- _WHAT THIS TASK INVOLVES_
The entries below contain pictures. Write out only the lines from the line with "this 1500×1000 image." up to and including the line with "Some of the words", exactly, without them.

- _DATASET_
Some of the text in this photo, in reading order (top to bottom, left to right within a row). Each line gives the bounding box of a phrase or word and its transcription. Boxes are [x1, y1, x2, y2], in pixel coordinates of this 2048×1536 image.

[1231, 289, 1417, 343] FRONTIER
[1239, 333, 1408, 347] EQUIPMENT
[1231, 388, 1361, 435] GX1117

...

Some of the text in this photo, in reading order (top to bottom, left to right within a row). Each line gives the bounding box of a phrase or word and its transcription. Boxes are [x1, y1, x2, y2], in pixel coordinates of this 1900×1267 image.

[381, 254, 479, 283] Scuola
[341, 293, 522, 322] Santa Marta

* * *

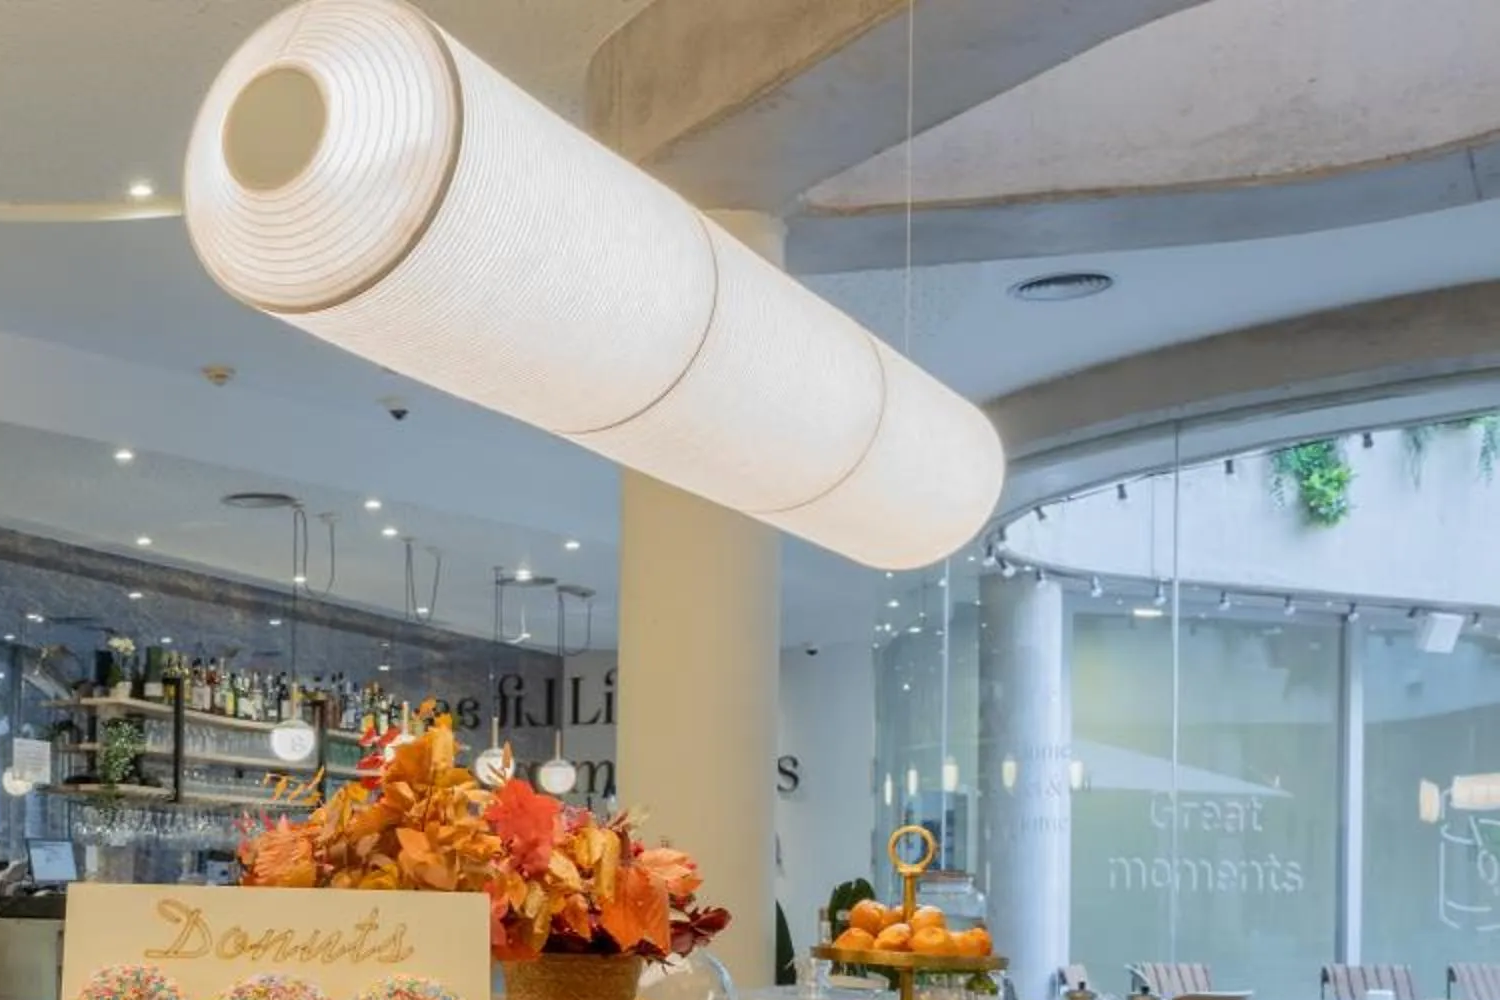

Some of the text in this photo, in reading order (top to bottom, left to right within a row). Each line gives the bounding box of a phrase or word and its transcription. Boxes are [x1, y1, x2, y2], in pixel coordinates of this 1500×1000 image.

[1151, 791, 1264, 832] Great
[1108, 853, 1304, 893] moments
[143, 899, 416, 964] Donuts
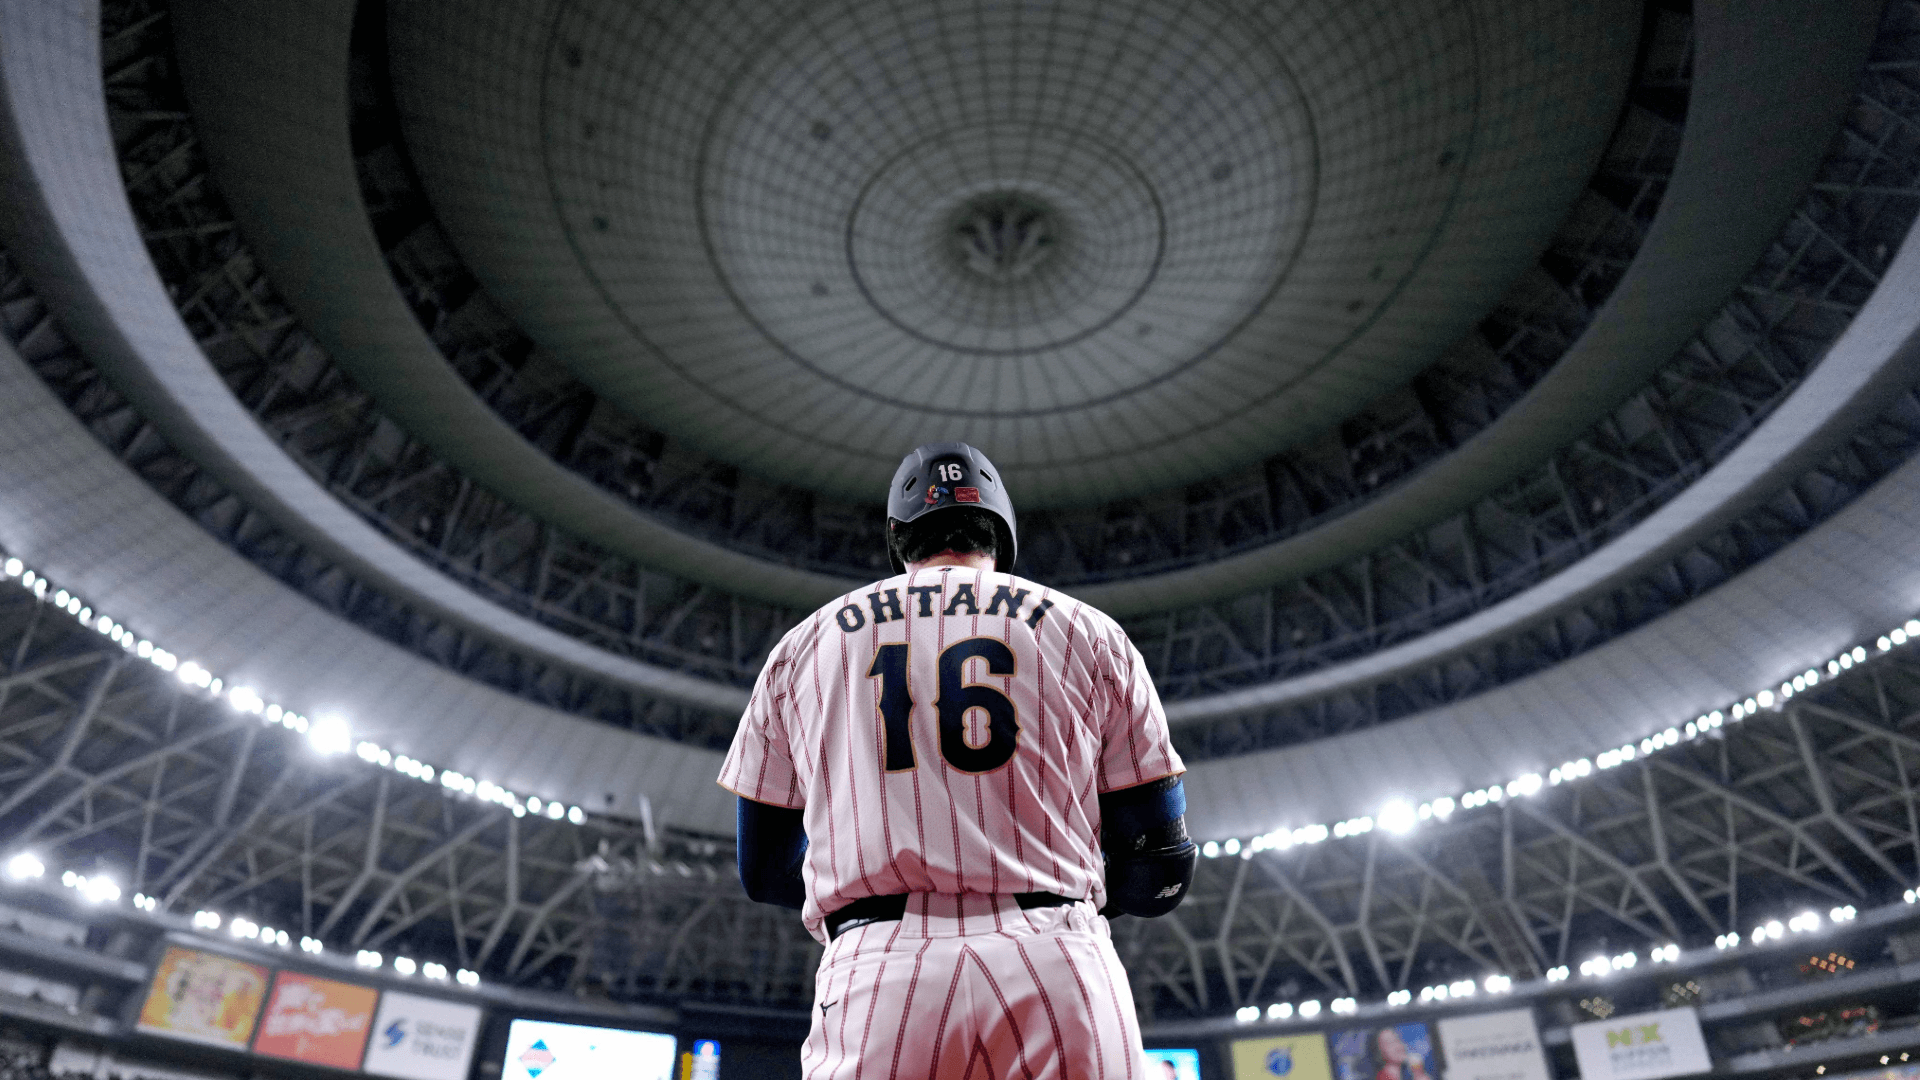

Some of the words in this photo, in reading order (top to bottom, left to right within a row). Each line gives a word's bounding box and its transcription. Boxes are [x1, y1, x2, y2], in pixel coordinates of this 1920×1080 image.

- _TASK OUTPUT_
Some of the text in this photo, in reading order (top to bottom, left to right within a row). Each line gives the bounding box of a phrase or word and its transcription. Boxes are [x1, y1, x2, y2], in pixel coordinates of this 1500×1000 image.

[1151, 791, 1264, 832] Great
[1108, 853, 1304, 893] moments
[143, 899, 416, 964] Donuts

Some of the words in this photo, in reading order (top to bottom, left to right within a row). Each line gives a word's bounding box and its transcription. Boxes are [x1, y1, x2, y2], in pixel coordinates of this 1920×1080 image.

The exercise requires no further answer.